Now for another interesting concern raised by a reader is more interesting to know if you get short on a long ETF to buy an ETF short. In the previous example, the ETF ProShares Ultra Short Technology from on 31/10/2007 to date we have produced a 61.8% profit. Let us assume that we get shorter as collateral demanded 100%, which is a very big.
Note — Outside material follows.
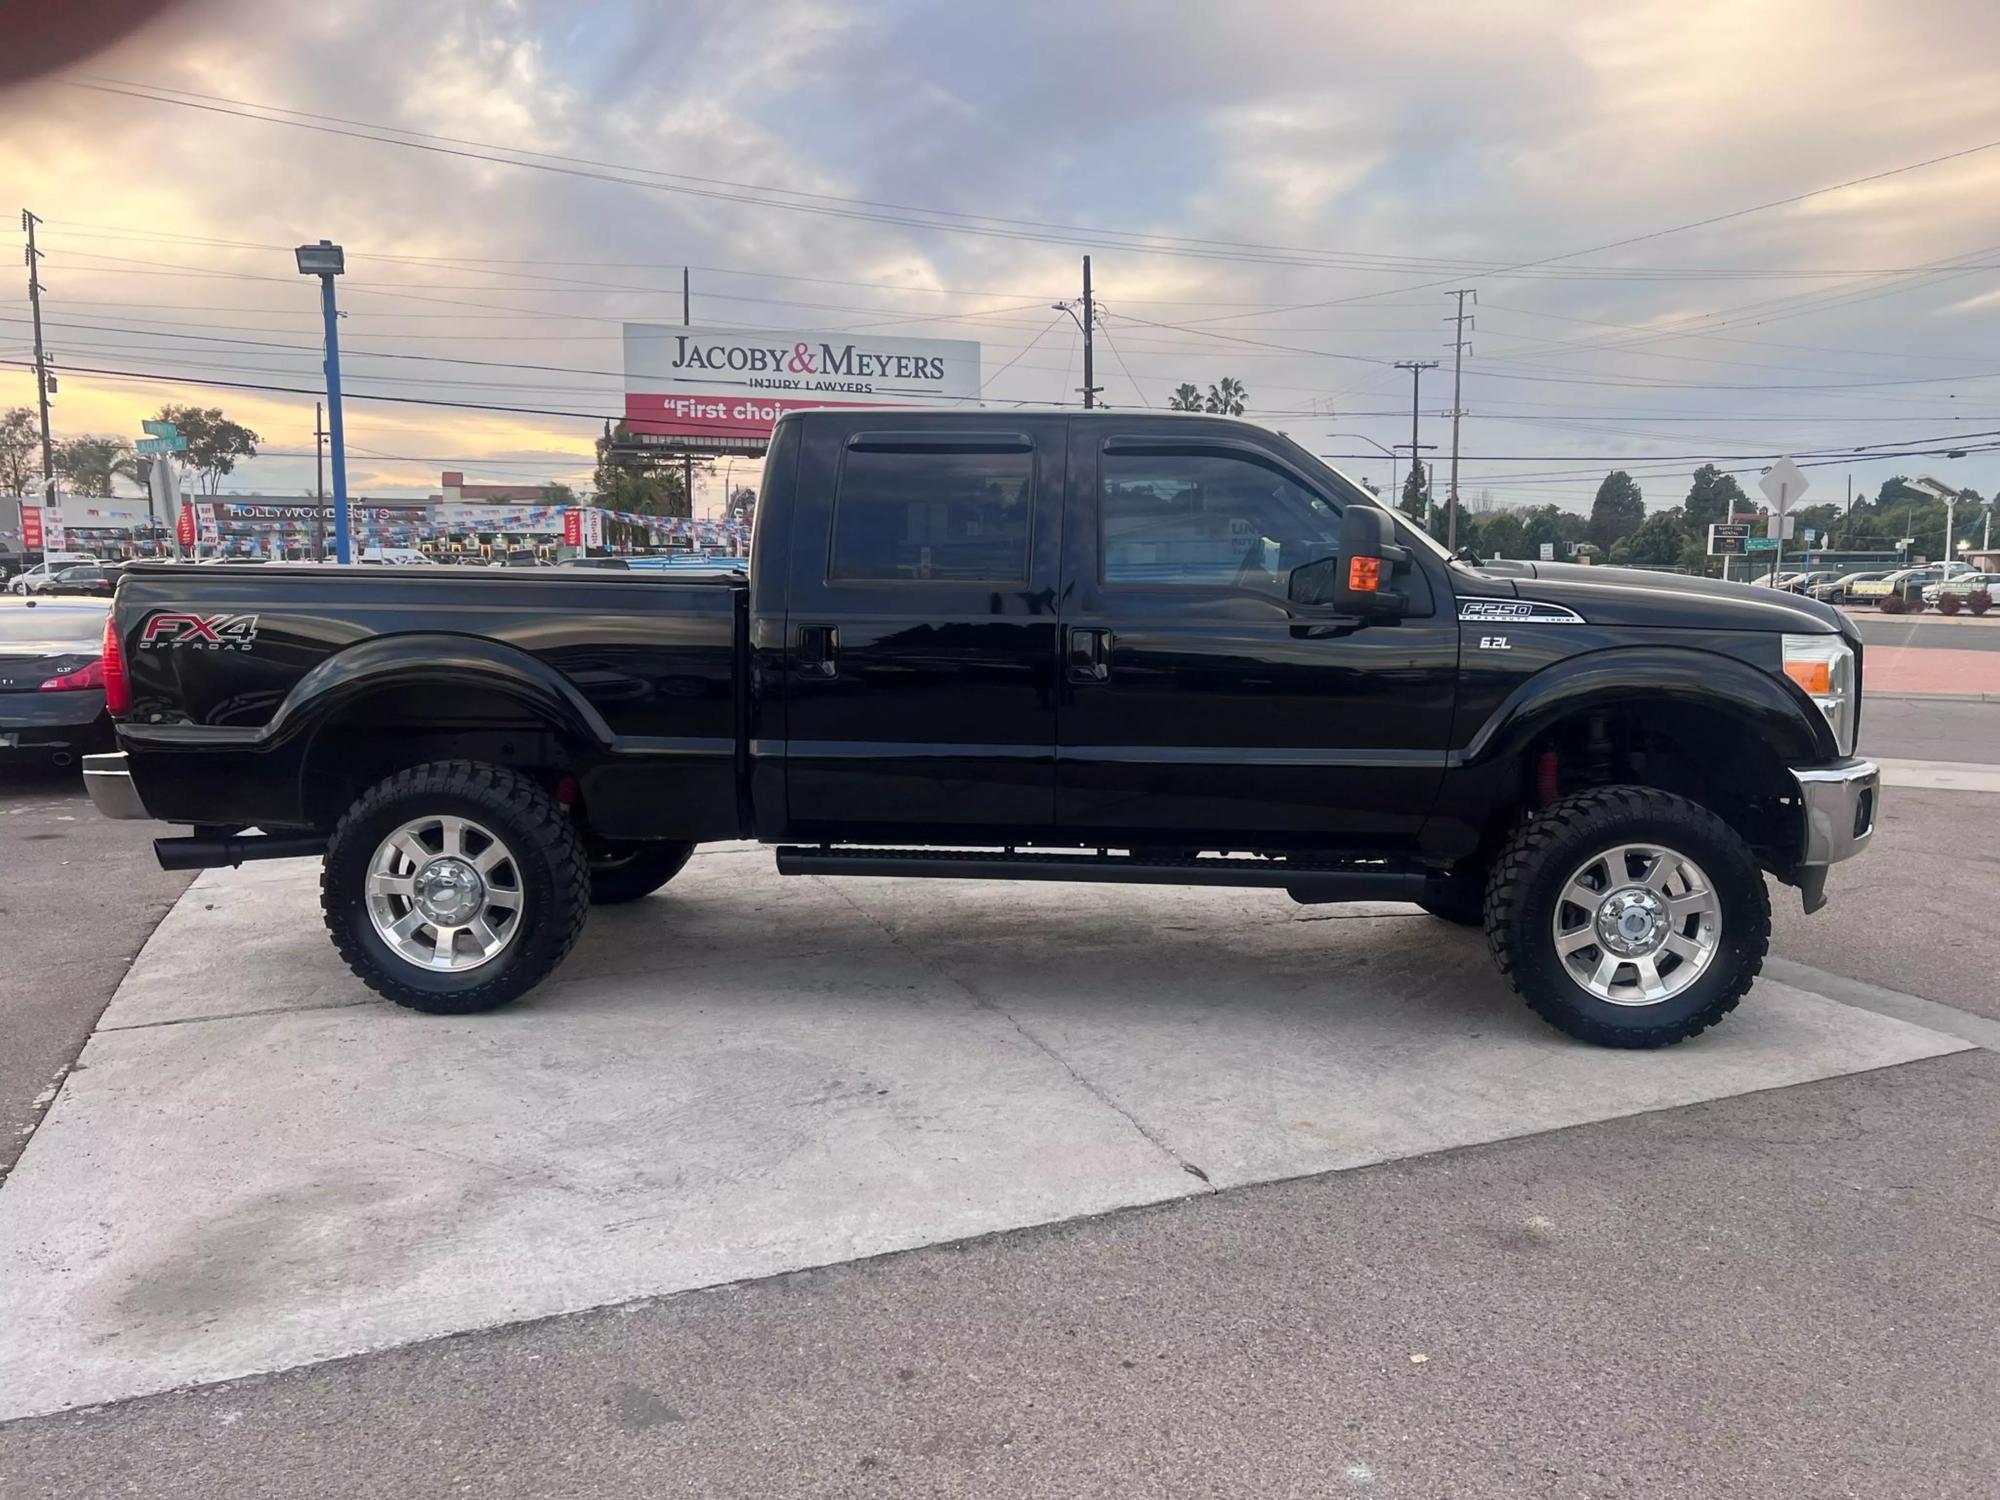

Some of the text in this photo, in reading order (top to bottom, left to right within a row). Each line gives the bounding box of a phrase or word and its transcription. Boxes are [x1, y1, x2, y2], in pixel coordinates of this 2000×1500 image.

Interestingly would win a 78.85% short putting in long ETF. Those same ETFs, from 08/15/2008 to 20/11/2008 contradict that first impression, because the short would rise by 171.6% while long-short ourselves we only had reported a 74.47%. put ourselves in an ETF short length limits the benefits to us, which can never exceed 100% because we repurchased never below zero. If the trend is another side that is clearly better be short in the long ETF, since the same initial and final price just lose money, while we have seen that the short-SP500 ETF lost quite volatile at times erratic upward and downward, even without changes in the underlying between initial and final prices. We have seen the case lateral and bassist. Let's see a third case: get bearish with a bullish ETF sold in a rising market. We again UltraTechnology ProShare ETFs. Against trend, we lose bassist 38.2%, while the ETF shorts get bullish causes us loss of 52.2%.

A non-negligible risk is to buy a bass limits our loss ETF initial investment, while short in a bull get our potential becomes unlimited losses if the underlying goes on and on up.

Another question is whether we can get our broker ETFs short durations, which we could do through CFDs on ETFs.